-- Exercise objective --
Leaving out the images, reproduce every line of the data that follows exactly.

-- Data to examine --

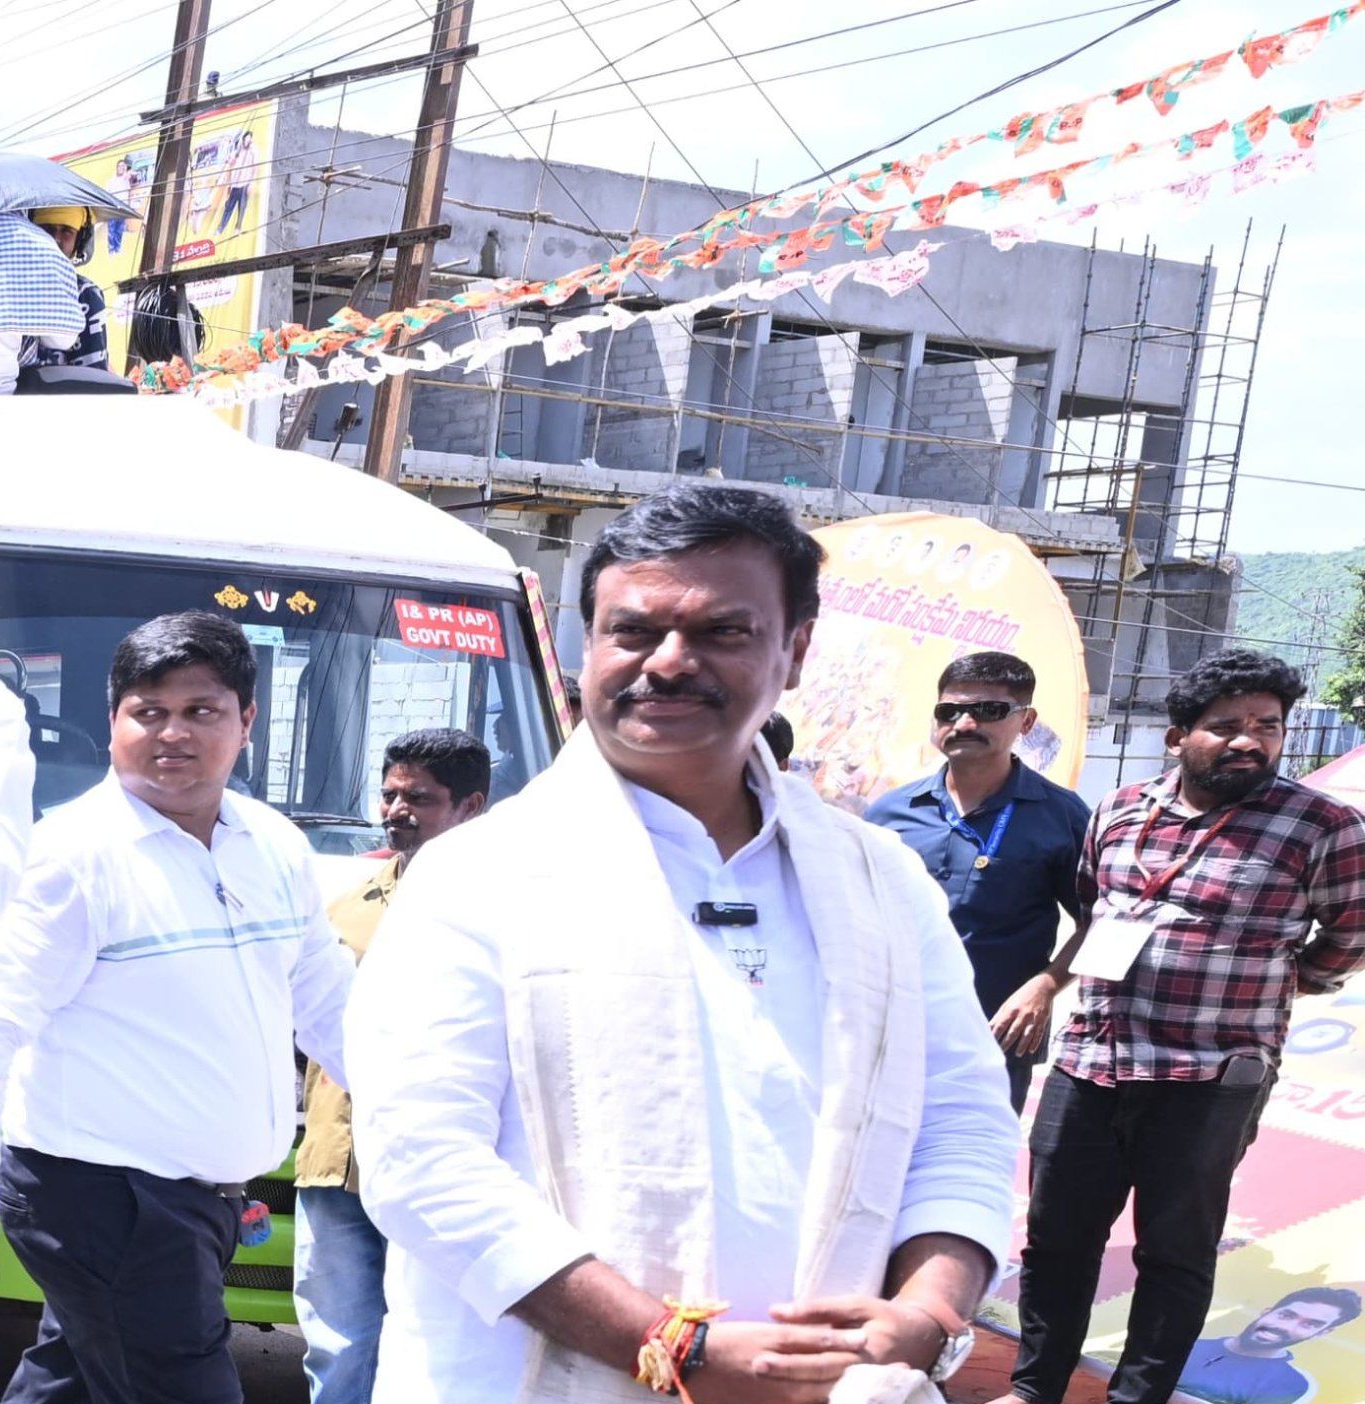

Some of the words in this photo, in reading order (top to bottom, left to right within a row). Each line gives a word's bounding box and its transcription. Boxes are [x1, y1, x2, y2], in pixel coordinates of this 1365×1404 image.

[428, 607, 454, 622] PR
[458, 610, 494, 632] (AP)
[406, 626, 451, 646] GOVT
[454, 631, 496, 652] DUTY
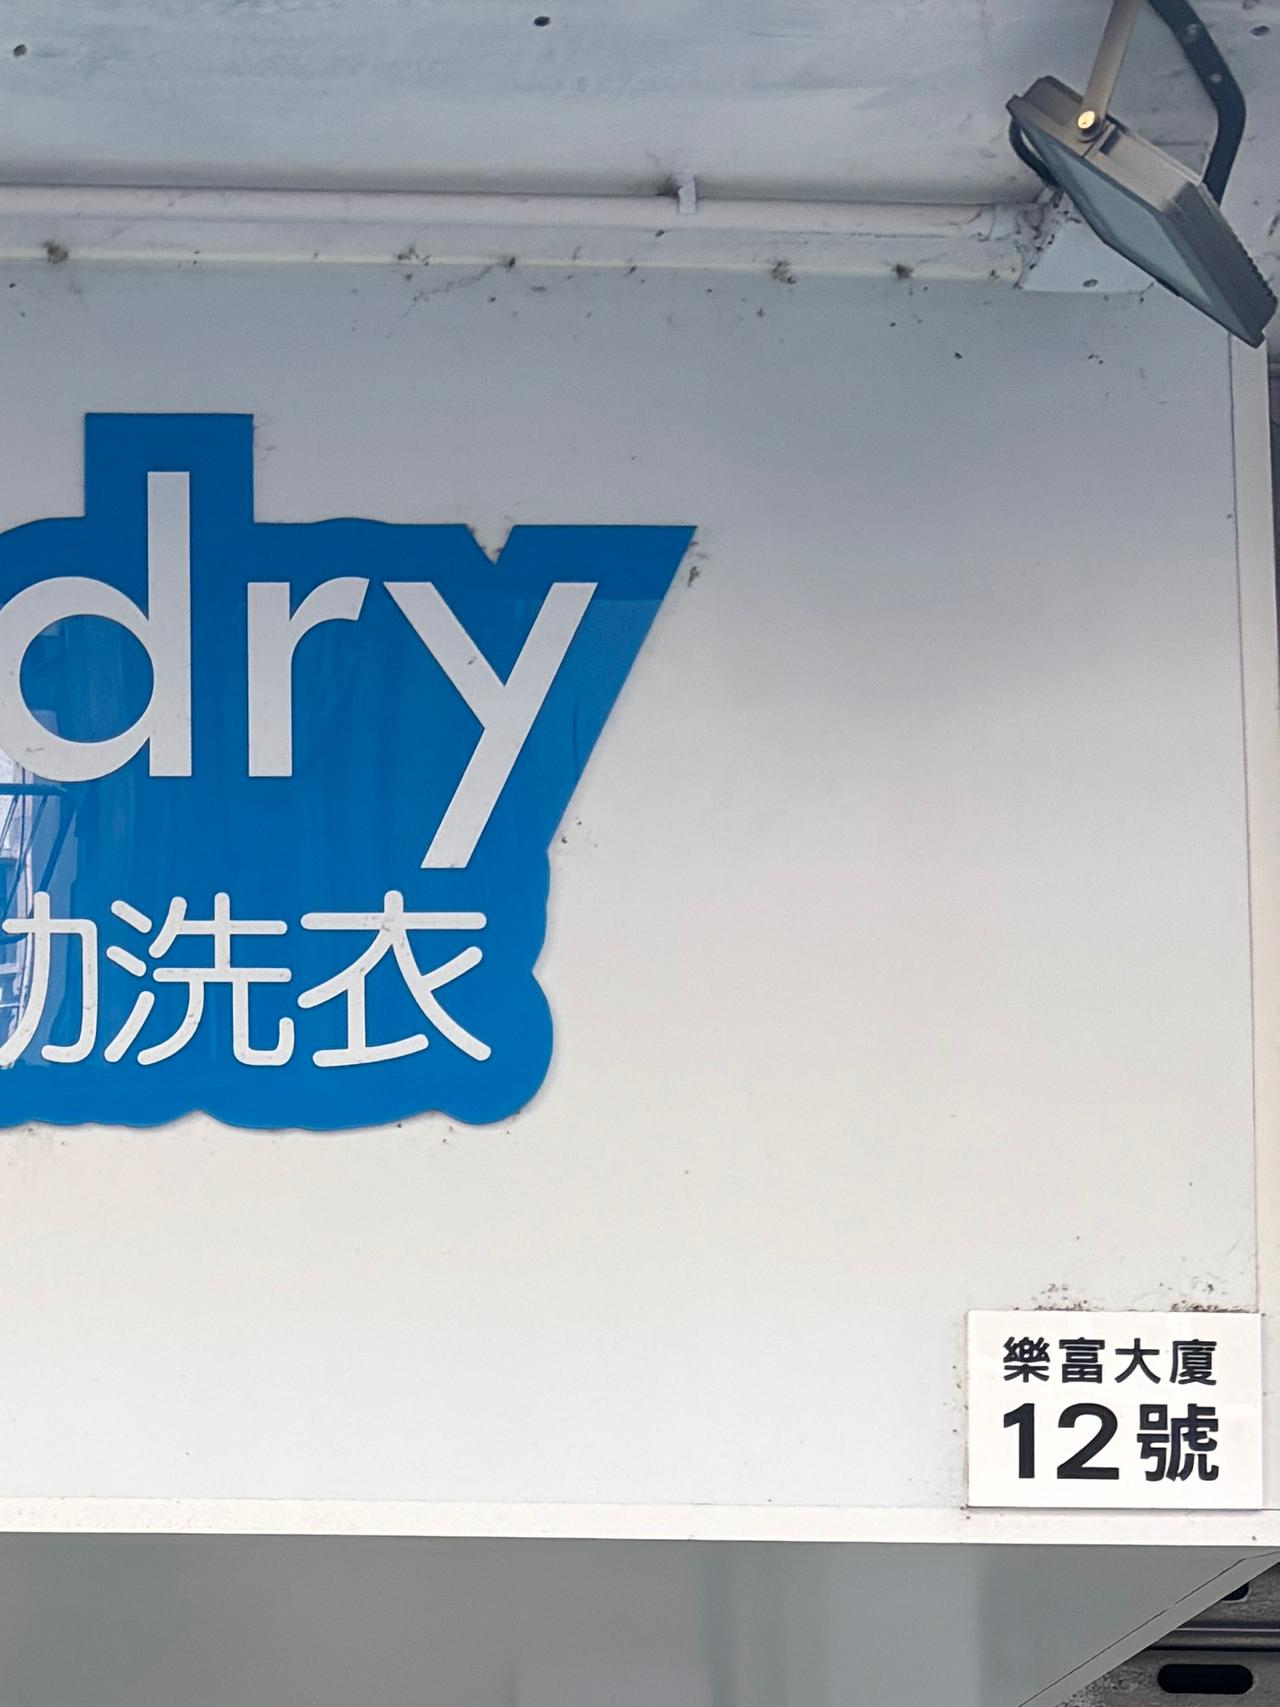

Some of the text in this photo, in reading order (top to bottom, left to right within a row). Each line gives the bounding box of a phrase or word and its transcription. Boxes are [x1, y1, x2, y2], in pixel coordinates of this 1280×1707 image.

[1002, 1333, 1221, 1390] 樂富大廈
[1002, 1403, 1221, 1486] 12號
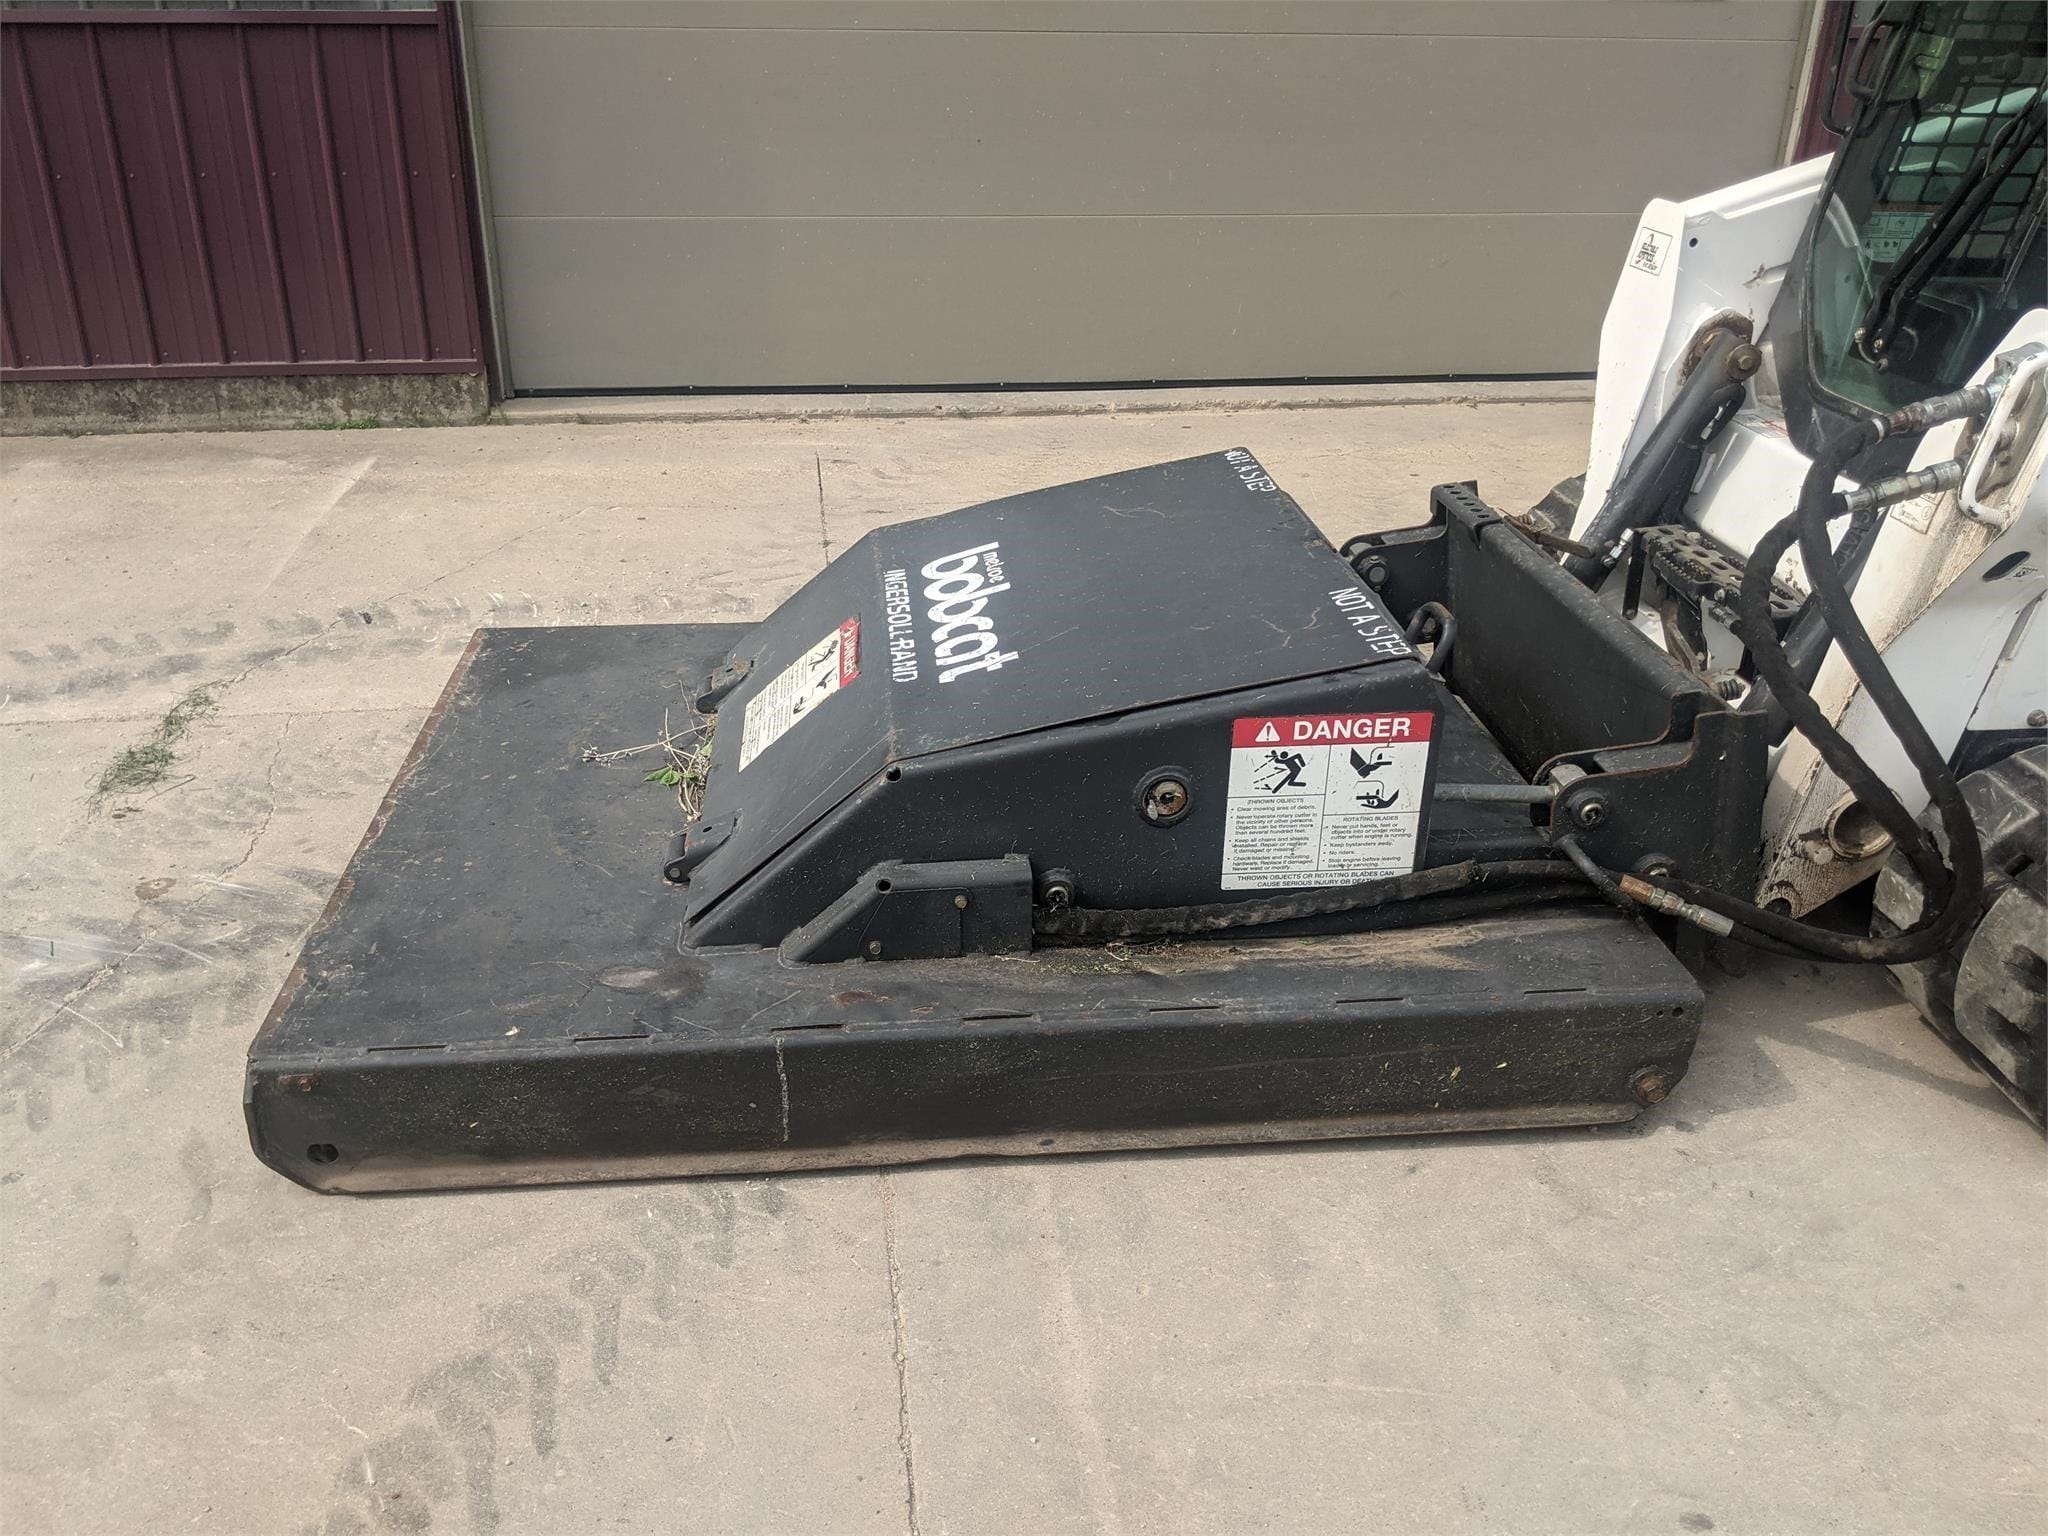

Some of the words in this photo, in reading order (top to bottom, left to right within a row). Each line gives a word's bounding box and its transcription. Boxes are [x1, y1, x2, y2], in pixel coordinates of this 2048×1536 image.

-- Expected answer --
Some of the words in this photo, in reading order (top to bottom, left to right within a row). Each line gives a word's bounding box and its transcription. Boxes are [x1, y1, x2, y2], in pixel coordinates of this 1365×1404 image.

[428, 607, 454, 622] PR
[458, 610, 494, 632] (AP)
[406, 626, 451, 646] GOVT
[454, 631, 496, 652] DUTY

Some of the text in this photo, in reading order (top to bottom, left to right within a row). Each line gives the bounding box of a phrase or word and its transcription. Boxes are [x1, y1, x2, y2], in pixel coordinates of this 1280×1707 image.

[1002, 1333, 1221, 1390] 樂富大廈
[1002, 1403, 1221, 1486] 12號

Some of the words in this photo, in reading order (top to bottom, left to right within a row). Each line gives a word's bounding box and its transcription. Boxes are [x1, y1, x2, y2], in pixel coordinates of this 2048×1536 image.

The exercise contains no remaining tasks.